The causal mechanisms of RSL are unclear. Although the splenium has a relatively weak blood supply from the posterior pericallosal artery compared with other parts of the corpus callosum, it is unlikely that lesions are caused by ischemic injury. A previous study showed that restricted diffusion imaging was reversible, with no residual lesion on follow-up with fluid attenuated inversion recovery MRI. In addition, the morphology and position of the lesion did not match those of an ischemic lesion. Several possible mechanisms have been suggested as the cause of RSL, one of which is arginine vasopressin-induced disruption of body fluid homeostasis [5]. Others have proposed reversible demyelination due to infectious diseases or anti-epileptic drug toxicities.
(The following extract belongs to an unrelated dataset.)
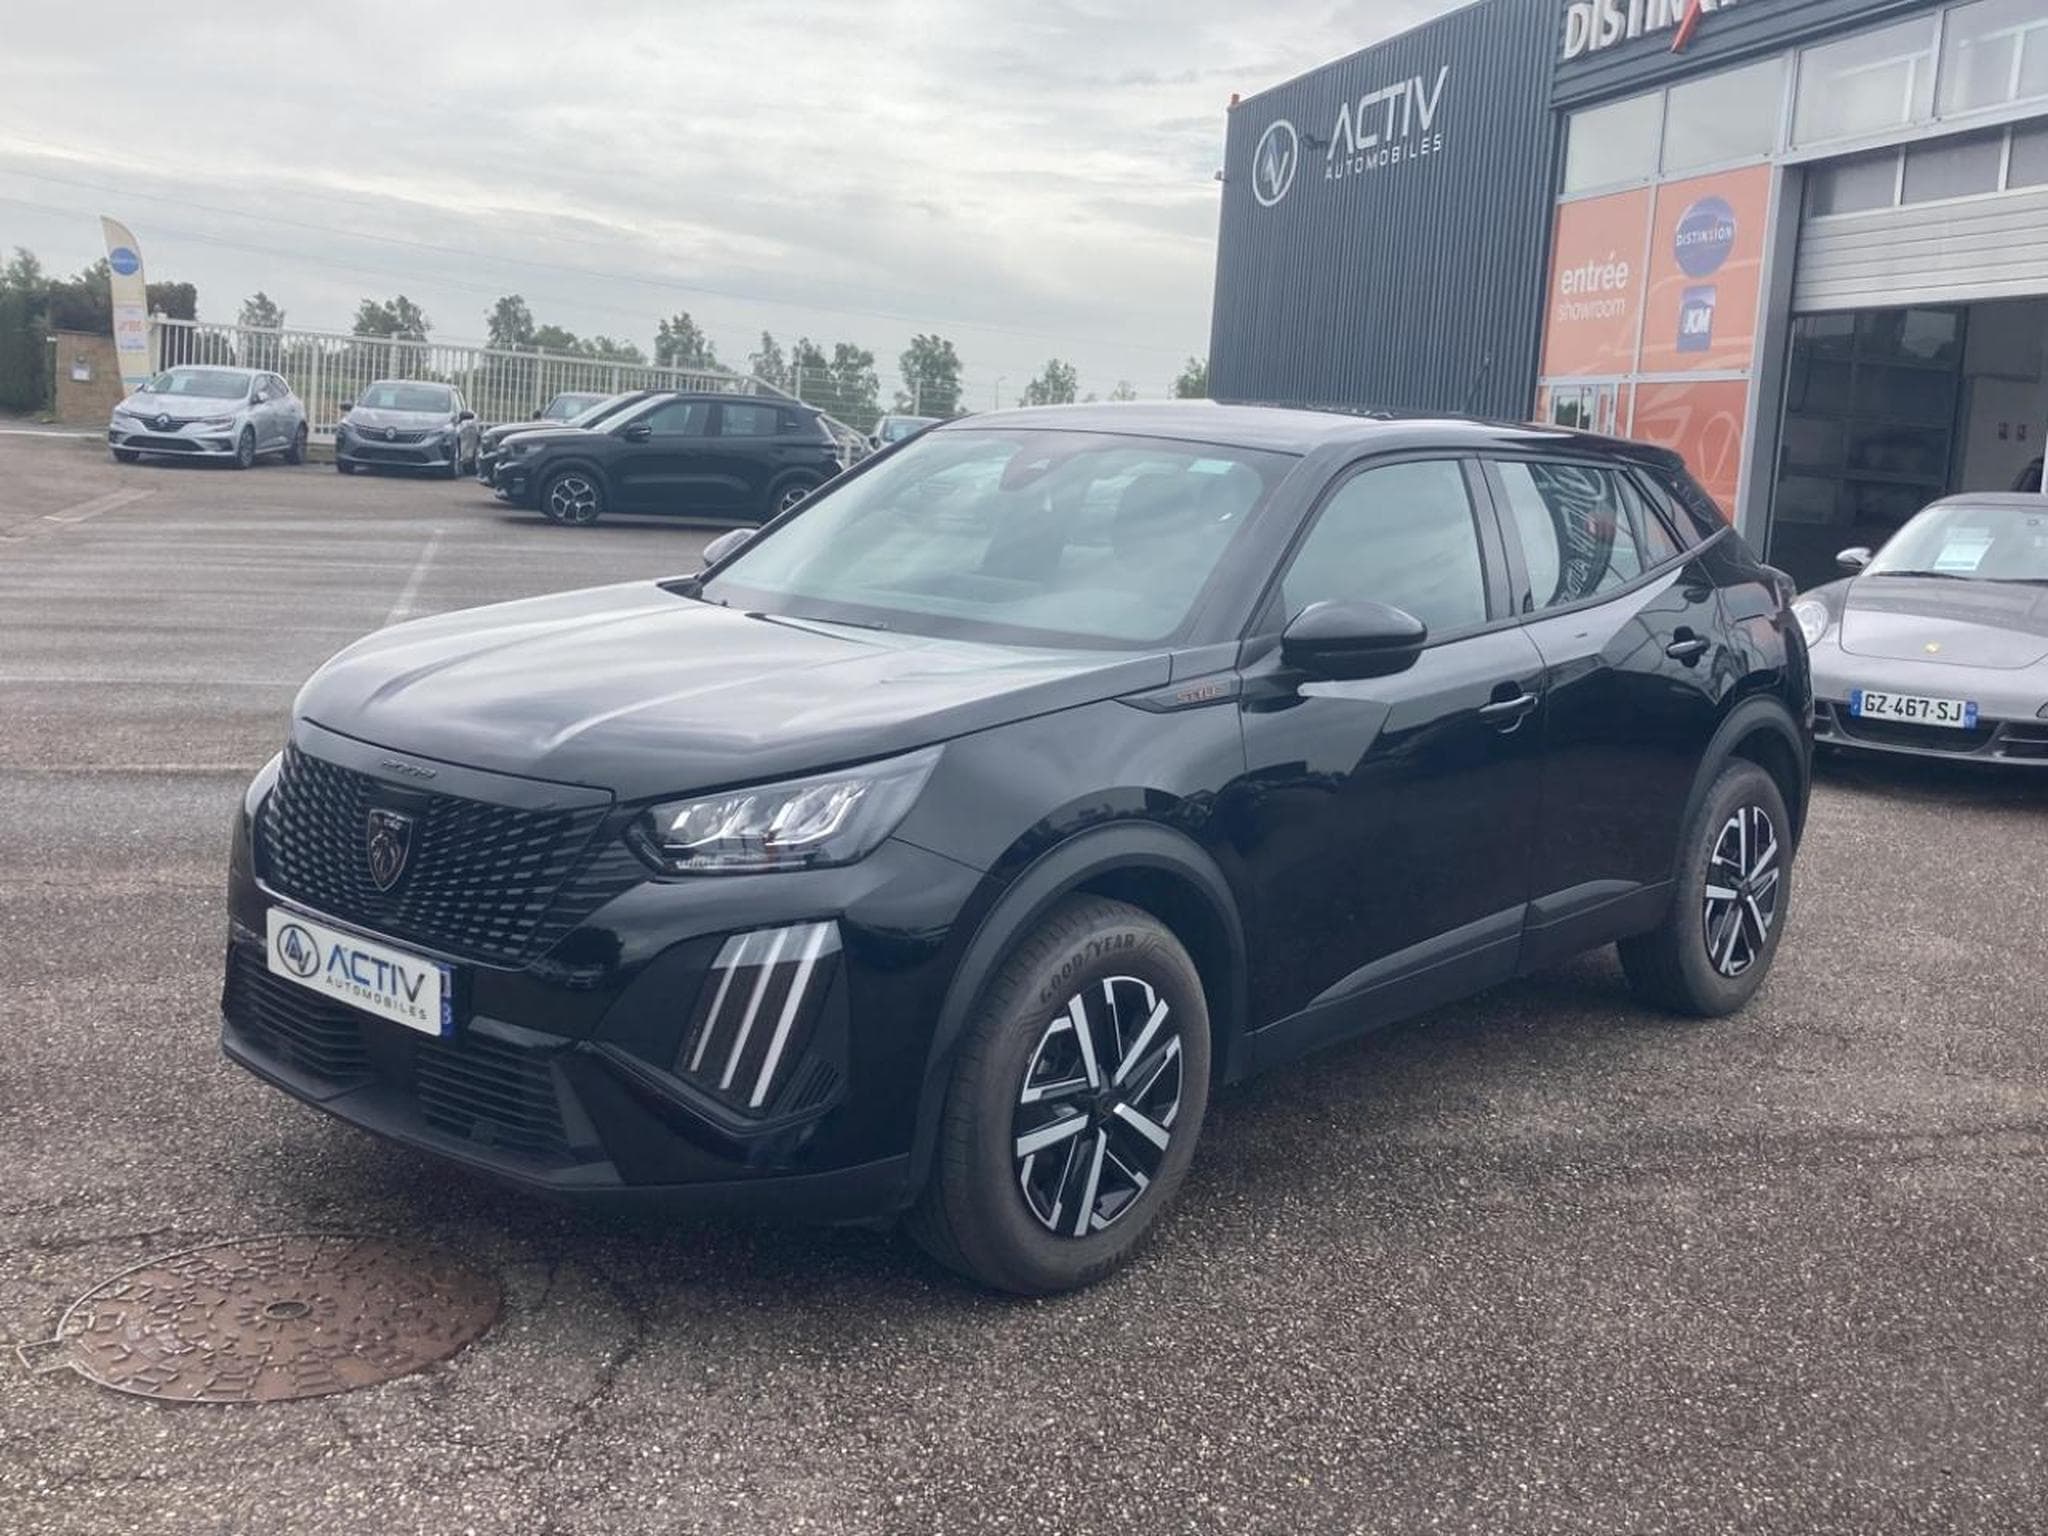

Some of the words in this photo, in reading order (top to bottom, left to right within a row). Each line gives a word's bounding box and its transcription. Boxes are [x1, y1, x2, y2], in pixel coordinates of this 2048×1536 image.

Regardless of the etiology, splenial lesion has a tendency toward a benign clinical course and reversible radiological findings on MRI. Some researchers have proposed a new clinicoradiological syndrome for RSL [6].

The suspected etiology of RSL in our cases was lithium associated neurotoxicity, which was associated with the clinical symptoms of NMSLS. In the first case, lithium had been taken for 4 years and the dose adjustment increased the level beyond the therapeutic range. We speculate that lithium intoxication played an important role in causing RSL. Despite the normal lithium level in the second case, lithium associated neurotoxicity was considered the cause of NMSLS because the clinical symptoms were concurrent with lithium treatment. Lithium associated neurotoxicity does not always correlate with serum lithium levels [7]. Interaction with other neuroleptic drugs may have increased lithium associated neurotoxicity and clinical symptoms. We suspect that lithium intoxication played a crucial role in the development of RSL as abnormal symptoms and brain MRI findings in our cases recovered after tapering lithium.

Lithium has a narrow therapeutic range, which may easily permit neurological toxicity [7]. The target dose of lithium is 0.6–1.2 mEq/L for maintenance and 1.0–1.5 mEq/L for manic episode control; nevertheless, neurological toxicity may be evident despite being in the therapeutic range [7]. Several cases have been reported that lithium with antipsychotics might be associated with NMS [8, 9]. Those cases suggested that lithium toxicity can occur neurotoxic effect with NMS, but none of them showed combined lesion of RLS. To our best knowledge, there has been only one RSL case reportedly related to lithium intoxication; the serum lithium level was in the upper limit of the normal range (0.94 mEq/L) and NMSLS was not present [10]. In both of our cases, the initial splenial lesion on MRI had disappeared upon follow-up examination, suggesting cytotoxic edema. Reversible splenial lesion is reported to have a consistent pattern of neuroimaging abnormalities characterized by round lesions with hyperintense signals in fluid-attenuated inversion recovery MRI and hypointense signals in T1-weighted images [11].

We experienced two cases of RSL with lithium associated neurotoxicity. Therefore, careful monitoring and evaluation of patients taking antipsychotic drugs and lithium, who show toxic neuropsychiatric symptoms, is recommended. Lithium intoxication should be considered a possible etiology of RSL with NMSLS, and this approach may help to differential diagnosis of additional workup It would be important that the NMS patients systematically get an MRI to detect RSLs, especially the patients with changes in consciousness.